** MATERIAL SUPPLIED follows **
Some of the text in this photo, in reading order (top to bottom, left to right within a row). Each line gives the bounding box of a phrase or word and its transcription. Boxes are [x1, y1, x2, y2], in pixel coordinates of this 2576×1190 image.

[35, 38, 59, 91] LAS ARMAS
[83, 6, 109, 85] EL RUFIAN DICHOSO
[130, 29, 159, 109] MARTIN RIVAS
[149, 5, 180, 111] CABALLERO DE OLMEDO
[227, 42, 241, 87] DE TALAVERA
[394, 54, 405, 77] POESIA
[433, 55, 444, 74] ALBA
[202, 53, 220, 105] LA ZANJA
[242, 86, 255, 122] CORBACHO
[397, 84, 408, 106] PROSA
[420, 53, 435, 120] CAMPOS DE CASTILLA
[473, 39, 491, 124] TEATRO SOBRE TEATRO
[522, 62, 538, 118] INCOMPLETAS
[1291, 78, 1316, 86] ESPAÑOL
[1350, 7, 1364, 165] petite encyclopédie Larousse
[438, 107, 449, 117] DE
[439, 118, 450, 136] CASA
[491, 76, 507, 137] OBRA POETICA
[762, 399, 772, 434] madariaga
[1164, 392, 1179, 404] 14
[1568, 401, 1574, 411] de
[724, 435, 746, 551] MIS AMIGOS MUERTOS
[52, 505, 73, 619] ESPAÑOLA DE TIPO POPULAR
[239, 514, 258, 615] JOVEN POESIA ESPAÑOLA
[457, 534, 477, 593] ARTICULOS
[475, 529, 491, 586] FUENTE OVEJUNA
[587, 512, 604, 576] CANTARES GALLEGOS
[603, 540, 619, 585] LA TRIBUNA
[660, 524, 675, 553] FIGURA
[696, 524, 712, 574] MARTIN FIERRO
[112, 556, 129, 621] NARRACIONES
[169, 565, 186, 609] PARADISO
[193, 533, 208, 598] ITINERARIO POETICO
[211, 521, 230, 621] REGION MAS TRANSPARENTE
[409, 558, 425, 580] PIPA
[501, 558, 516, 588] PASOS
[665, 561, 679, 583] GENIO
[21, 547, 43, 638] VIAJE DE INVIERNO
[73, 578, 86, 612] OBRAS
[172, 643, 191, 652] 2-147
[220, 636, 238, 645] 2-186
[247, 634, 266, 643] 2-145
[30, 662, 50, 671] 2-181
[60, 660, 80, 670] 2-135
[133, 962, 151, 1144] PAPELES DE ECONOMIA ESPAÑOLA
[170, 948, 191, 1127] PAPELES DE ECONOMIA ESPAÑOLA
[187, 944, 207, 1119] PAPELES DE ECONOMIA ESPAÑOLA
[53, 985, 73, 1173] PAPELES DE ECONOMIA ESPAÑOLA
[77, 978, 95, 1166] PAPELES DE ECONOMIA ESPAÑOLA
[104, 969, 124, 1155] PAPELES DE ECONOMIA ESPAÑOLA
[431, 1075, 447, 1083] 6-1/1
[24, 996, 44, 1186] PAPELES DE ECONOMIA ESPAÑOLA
** End of MATERIAL SUPPLIED **
> _DIRECTIONS FOR THIS TASK_: The material is to be transcribed once more, exactly and completely.

> _EXERCISE SOLUTION_:
Some of the text in this photo, in reading order (top to bottom, left to right within a row). Each line gives the bounding box of a phrase or word and its transcription. Boxes are [x1, y1, x2, y2], in pixel coordinates of this 2576×1190 image.

[35, 38, 59, 91] LAS ARMAS
[83, 6, 109, 85] EL RUFIAN DICHOSO
[130, 29, 159, 109] MARTIN RIVAS
[149, 5, 180, 111] CABALLERO DE OLMEDO
[227, 42, 241, 87] DE TALAVERA
[394, 54, 405, 77] POESIA
[433, 55, 444, 74] ALBA
[202, 53, 220, 105] LA ZANJA
[242, 86, 255, 122] CORBACHO
[397, 84, 408, 106] PROSA
[420, 53, 435, 120] CAMPOS DE CASTILLA
[473, 39, 491, 124] TEATRO SOBRE TEATRO
[522, 62, 538, 118] INCOMPLETAS
[1291, 78, 1316, 86] ESPAÑOL
[1350, 7, 1364, 165] petite encyclopédie Larousse
[438, 107, 449, 117] DE
[439, 118, 450, 136] CASA
[491, 76, 507, 137] OBRA POETICA
[762, 399, 772, 434] madariaga
[1164, 392, 1179, 404] 14
[1568, 401, 1574, 411] de
[724, 435, 746, 551] MIS AMIGOS MUERTOS
[52, 505, 73, 619] ESPAÑOLA DE TIPO POPULAR
[239, 514, 258, 615] JOVEN POESIA ESPAÑOLA
[457, 534, 477, 593] ARTICULOS
[475, 529, 491, 586] FUENTE OVEJUNA
[587, 512, 604, 576] CANTARES GALLEGOS
[603, 540, 619, 585] LA TRIBUNA
[660, 524, 675, 553] FIGURA
[696, 524, 712, 574] MARTIN FIERRO
[112, 556, 129, 621] NARRACIONES
[169, 565, 186, 609] PARADISO
[193, 533, 208, 598] ITINERARIO POETICO
[211, 521, 230, 621] REGION MAS TRANSPARENTE
[409, 558, 425, 580] PIPA
[501, 558, 516, 588] PASOS
[665, 561, 679, 583] GENIO
[21, 547, 43, 638] VIAJE DE INVIERNO
[73, 578, 86, 612] OBRAS
[172, 643, 191, 652] 2-147
[220, 636, 238, 645] 2-186
[247, 634, 266, 643] 2-145
[30, 662, 50, 671] 2-181
[60, 660, 80, 670] 2-135
[133, 962, 151, 1144] PAPELES DE ECONOMIA ESPAÑOLA
[170, 948, 191, 1127] PAPELES DE ECONOMIA ESPAÑOLA
[187, 944, 207, 1119] PAPELES DE ECONOMIA ESPAÑOLA
[53, 985, 73, 1173] PAPELES DE ECONOMIA ESPAÑOLA
[77, 978, 95, 1166] PAPELES DE ECONOMIA ESPAÑOLA
[104, 969, 124, 1155] PAPELES DE ECONOMIA ESPAÑOLA
[431, 1075, 447, 1083] 6-1/1
[24, 996, 44, 1186] PAPELES DE ECONOMIA ESPAÑOLA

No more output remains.